» Problem to solve
Every record that follows must be duplicated exactly, with images left out.
•••••
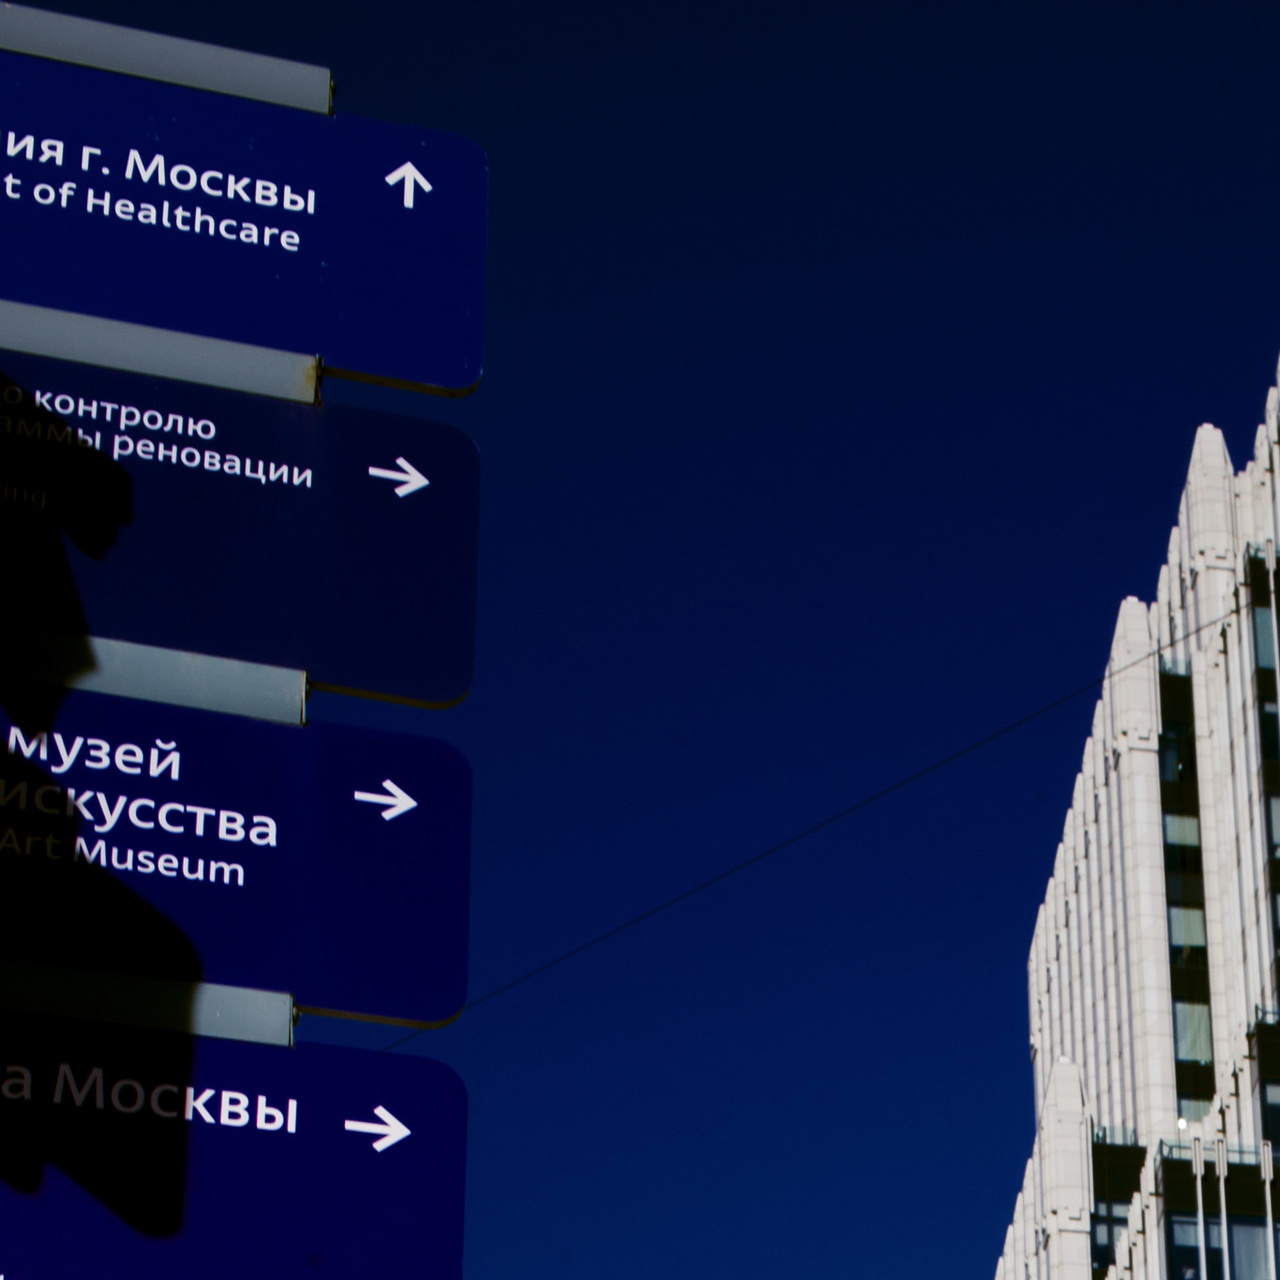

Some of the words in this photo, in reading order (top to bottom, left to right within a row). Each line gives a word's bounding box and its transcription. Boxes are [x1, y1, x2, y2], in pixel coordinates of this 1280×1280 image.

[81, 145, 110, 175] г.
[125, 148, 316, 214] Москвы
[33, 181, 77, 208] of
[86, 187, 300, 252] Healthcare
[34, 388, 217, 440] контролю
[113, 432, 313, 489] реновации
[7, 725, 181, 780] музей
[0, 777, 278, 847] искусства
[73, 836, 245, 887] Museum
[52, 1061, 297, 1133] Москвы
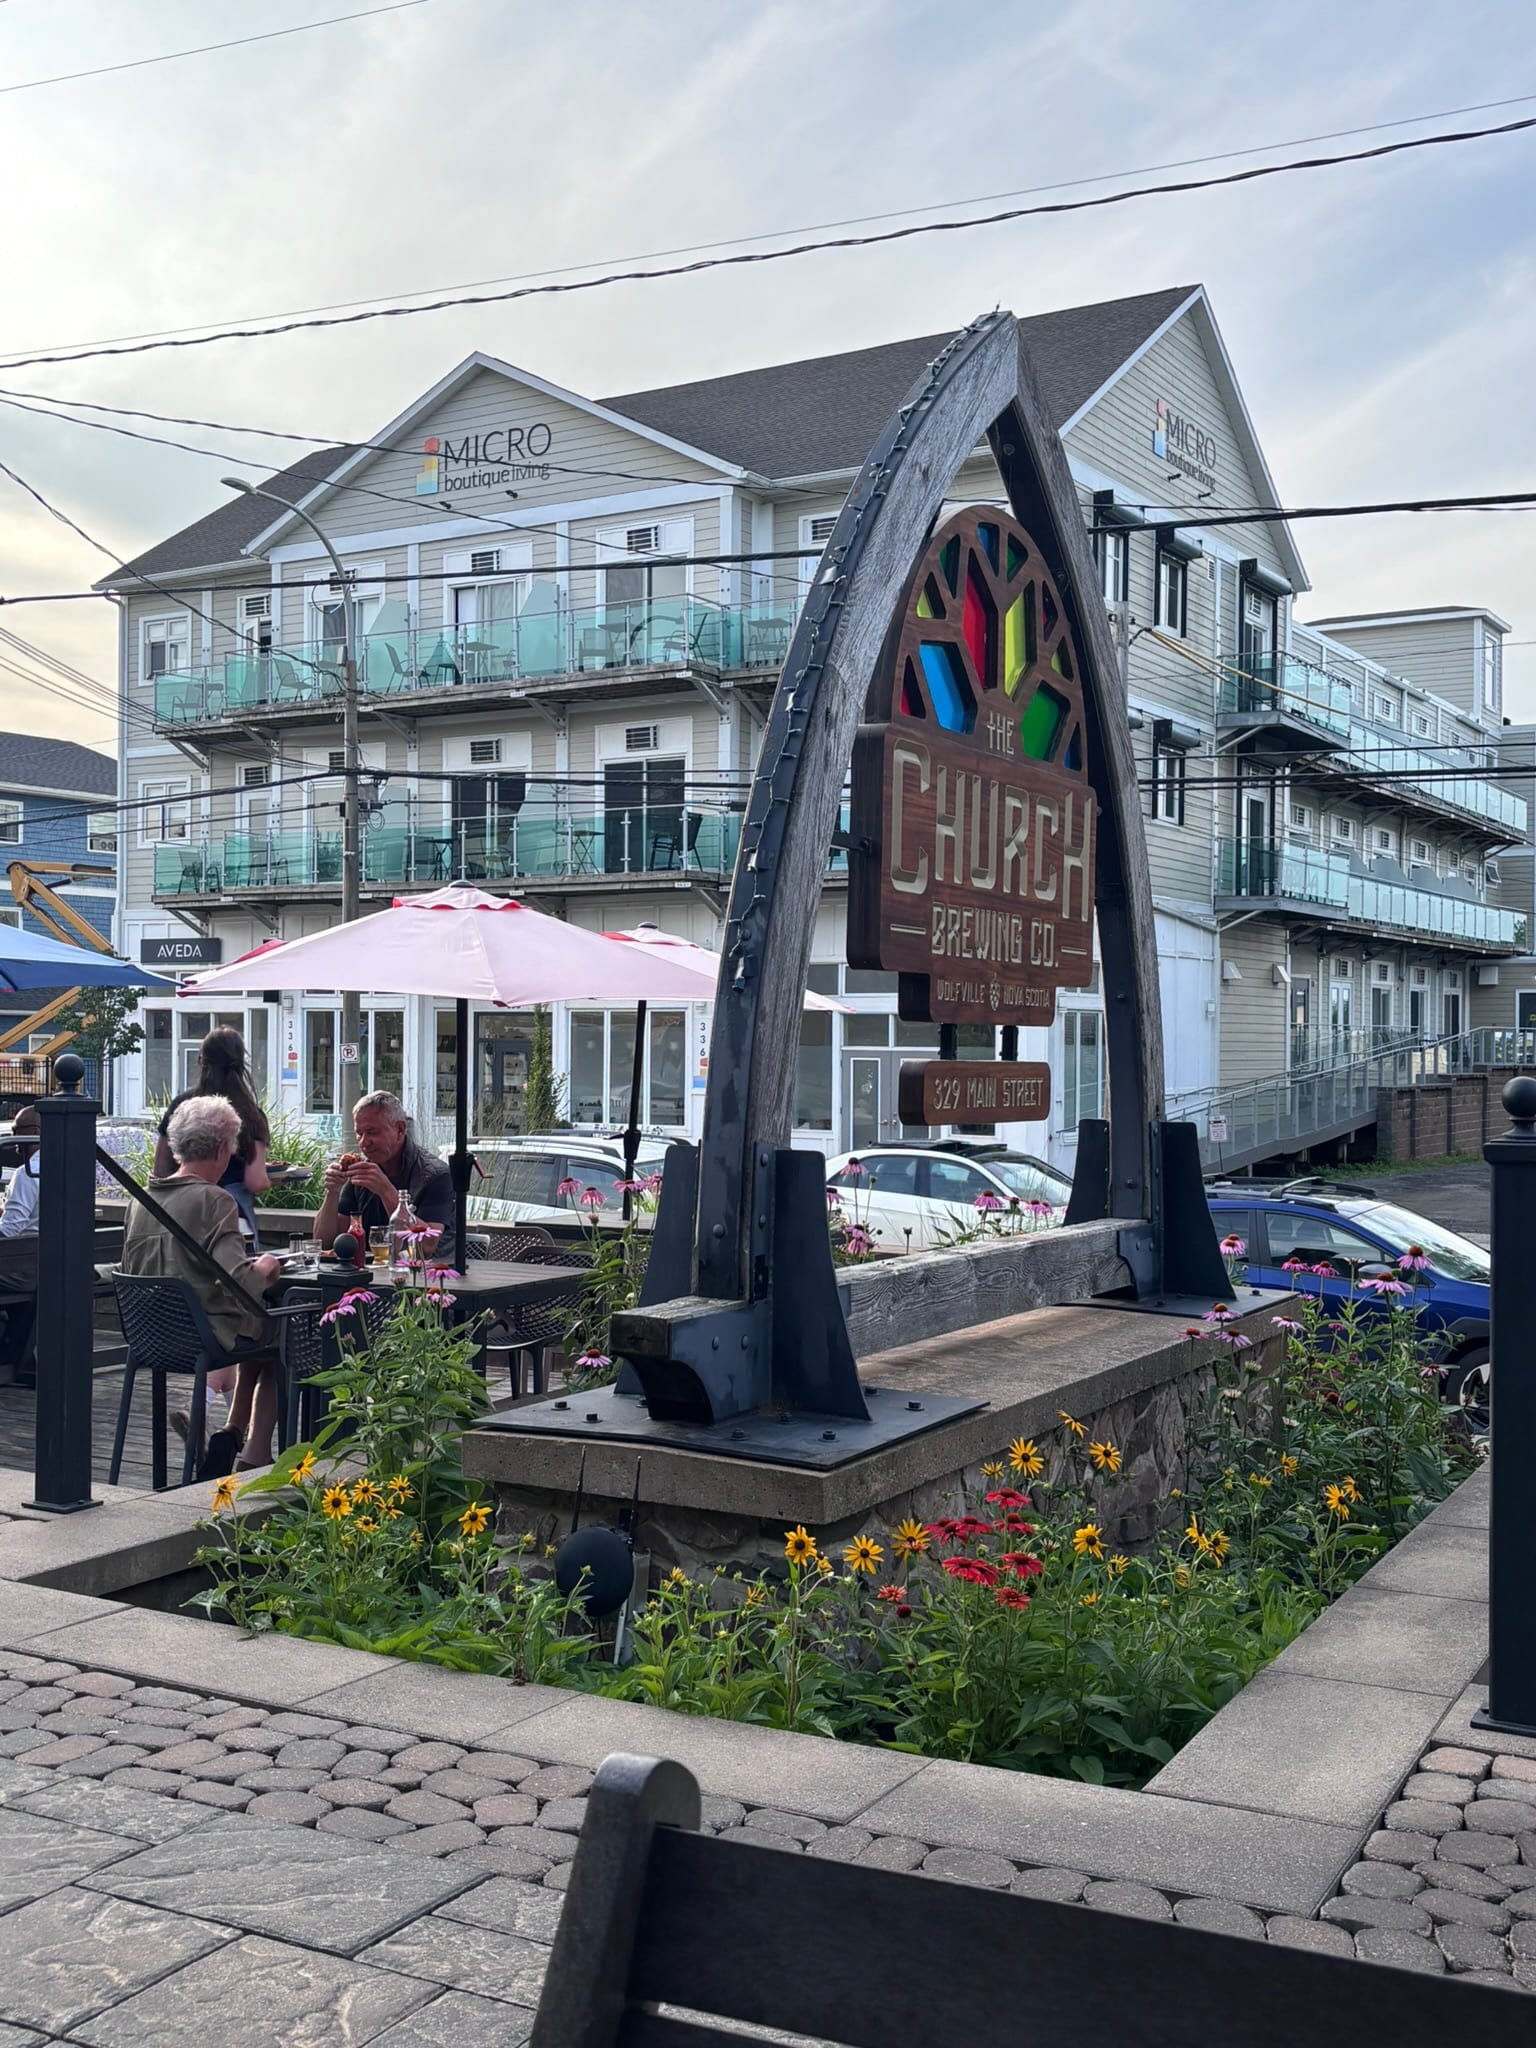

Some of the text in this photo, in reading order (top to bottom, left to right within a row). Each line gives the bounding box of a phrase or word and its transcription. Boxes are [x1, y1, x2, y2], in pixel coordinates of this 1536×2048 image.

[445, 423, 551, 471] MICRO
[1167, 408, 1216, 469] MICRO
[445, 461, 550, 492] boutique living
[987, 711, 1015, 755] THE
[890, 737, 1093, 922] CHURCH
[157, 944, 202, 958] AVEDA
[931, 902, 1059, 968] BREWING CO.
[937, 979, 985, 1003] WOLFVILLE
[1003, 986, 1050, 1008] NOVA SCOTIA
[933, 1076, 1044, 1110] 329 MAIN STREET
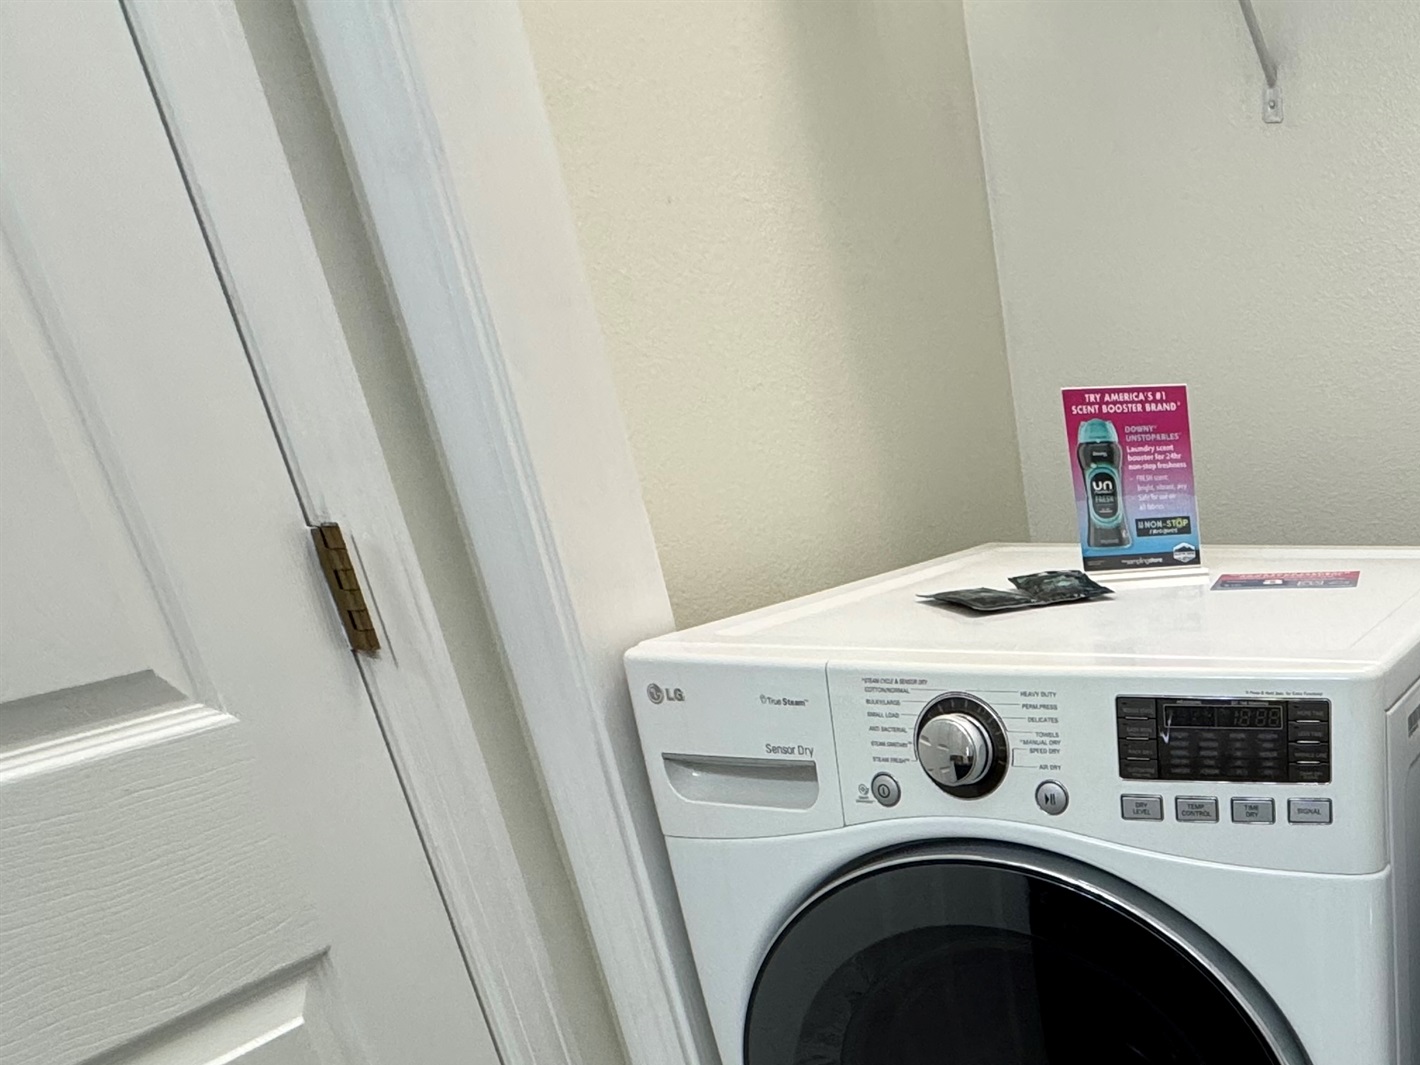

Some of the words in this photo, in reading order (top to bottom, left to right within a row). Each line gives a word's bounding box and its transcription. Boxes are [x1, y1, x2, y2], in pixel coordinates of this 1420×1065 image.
•••••
» Result for this exercise
Some of the words in this photo, in reading order (top to bottom, left to right within a row). Each line gives a word's bounding box and its transcription. Boxes are [x1, y1, x2, y2], in pixel coordinates of this 1280×1280 image.

[81, 145, 110, 175] г.
[125, 148, 316, 214] Москвы
[33, 181, 77, 208] of
[86, 187, 300, 252] Healthcare
[34, 388, 217, 440] контролю
[113, 432, 313, 489] реновации
[7, 725, 181, 780] музей
[0, 777, 278, 847] искусства
[73, 836, 245, 887] Museum
[52, 1061, 297, 1133] Москвы

Some of the text in this photo, in reading order (top to bottom, left to right within a row). Each line gives the bounding box of a phrase or word and its transcription. Boxes are [x1, y1, x2, y2], in pixel coordinates of this 1536×2048 image.

[445, 423, 551, 471] MICRO
[1167, 408, 1216, 469] MICRO
[445, 461, 550, 492] boutique living
[987, 711, 1015, 755] THE
[890, 737, 1093, 922] CHURCH
[157, 944, 202, 958] AVEDA
[931, 902, 1059, 968] BREWING CO.
[937, 979, 985, 1003] WOLFVILLE
[1003, 986, 1050, 1008] NOVA SCOTIA
[933, 1076, 1044, 1110] 329 MAIN STREET

Some of the words in this photo, in reading order (top to bottom, left to right within a row). Each line gives a word's bounding box and its transcription. Boxes are [x1, y1, x2, y2], in pixel coordinates of this 1420×1065 image.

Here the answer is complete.